■ Exercise prompt ■
The entries below should be quoted exactly, with no pictures carried over.
*** Opening Record set ***
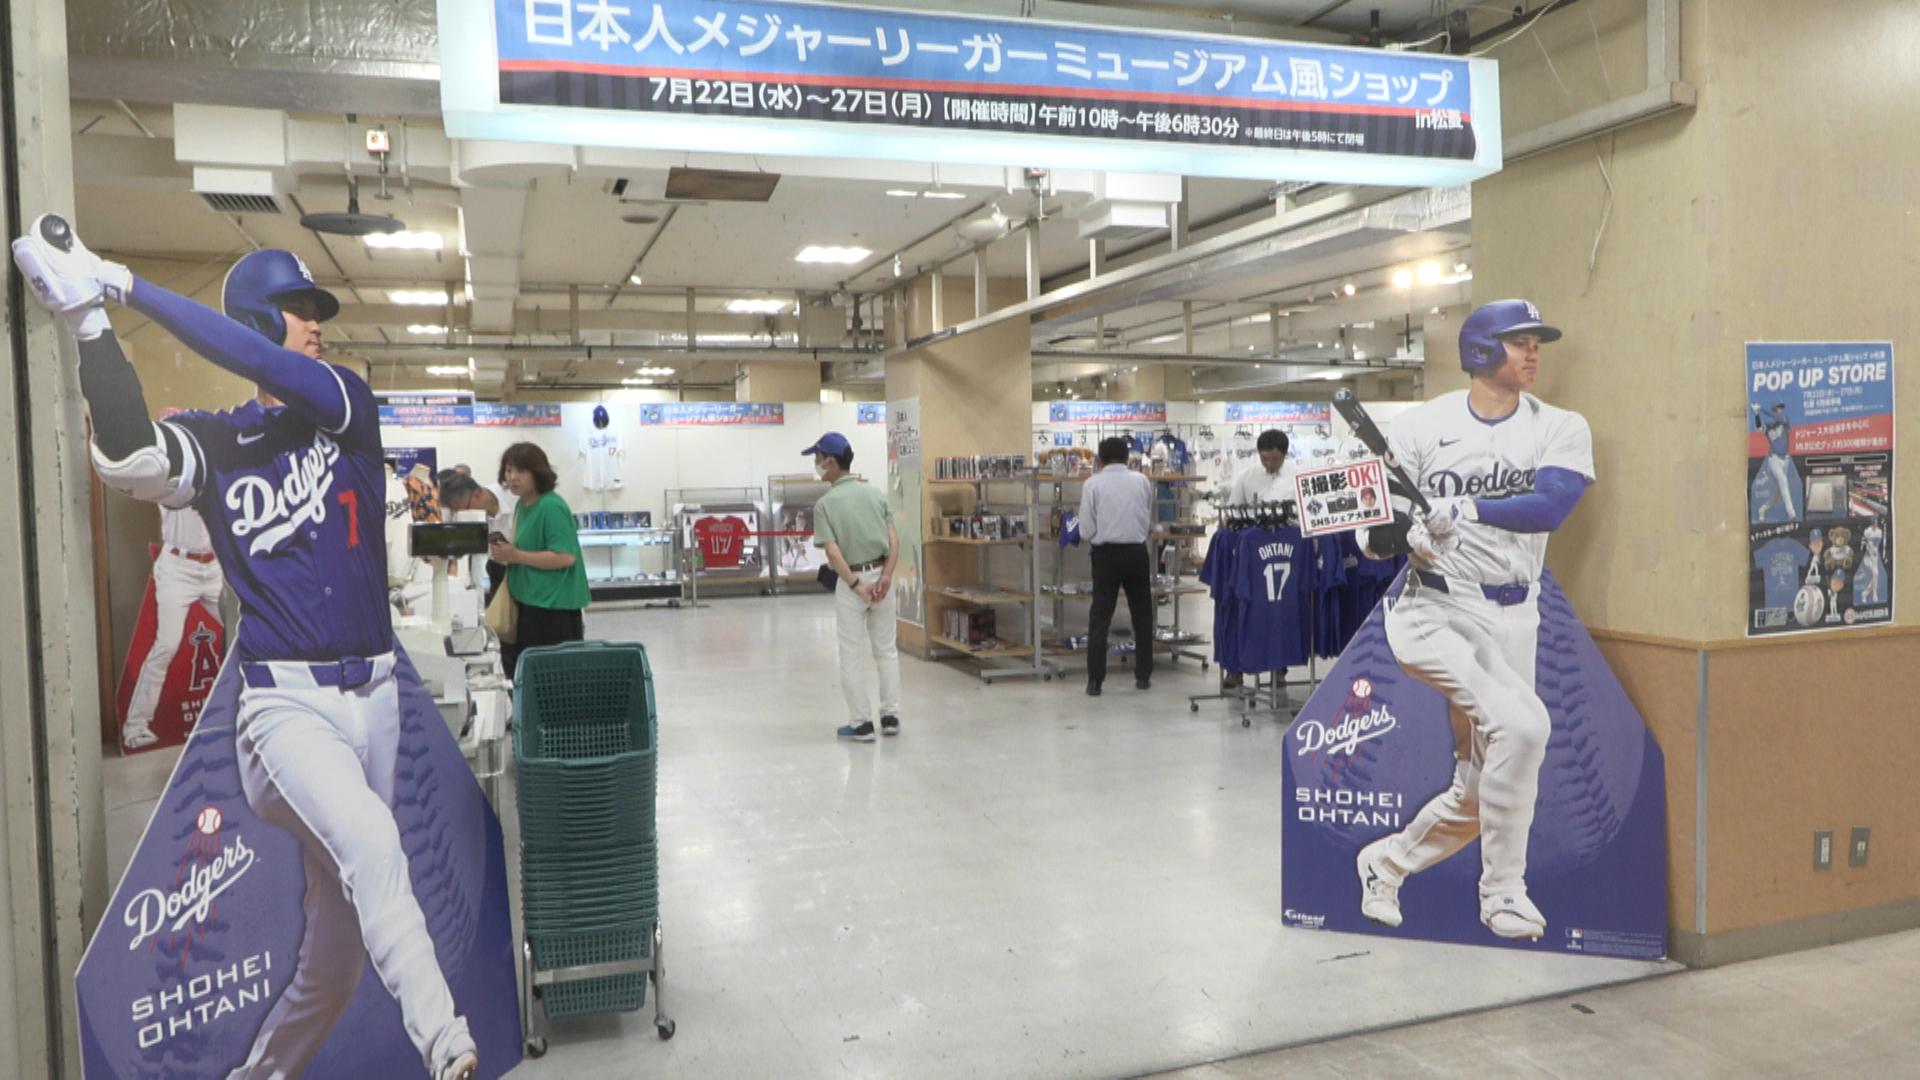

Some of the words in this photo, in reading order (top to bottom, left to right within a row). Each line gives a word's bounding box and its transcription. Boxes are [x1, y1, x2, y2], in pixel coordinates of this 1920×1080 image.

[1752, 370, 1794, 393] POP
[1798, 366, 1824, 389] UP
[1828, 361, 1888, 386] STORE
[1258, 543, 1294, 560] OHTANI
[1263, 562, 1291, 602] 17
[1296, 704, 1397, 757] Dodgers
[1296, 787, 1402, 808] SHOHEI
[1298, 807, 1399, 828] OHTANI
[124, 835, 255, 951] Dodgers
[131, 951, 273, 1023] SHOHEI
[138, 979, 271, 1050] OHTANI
*** Closing Record set ***
■ Task answer ■
Some of the words in this photo, in reading order (top to bottom, left to right within a row). Each line gives a word's bounding box and its transcription. Boxes are [x1, y1, x2, y2], in pixel coordinates of this 1920×1080 image.

[1752, 370, 1794, 393] POP
[1798, 366, 1824, 389] UP
[1828, 361, 1888, 386] STORE
[1258, 543, 1294, 560] OHTANI
[1263, 562, 1291, 602] 17
[1296, 704, 1397, 757] Dodgers
[1296, 787, 1402, 808] SHOHEI
[1298, 807, 1399, 828] OHTANI
[124, 835, 255, 951] Dodgers
[131, 951, 273, 1023] SHOHEI
[138, 979, 271, 1050] OHTANI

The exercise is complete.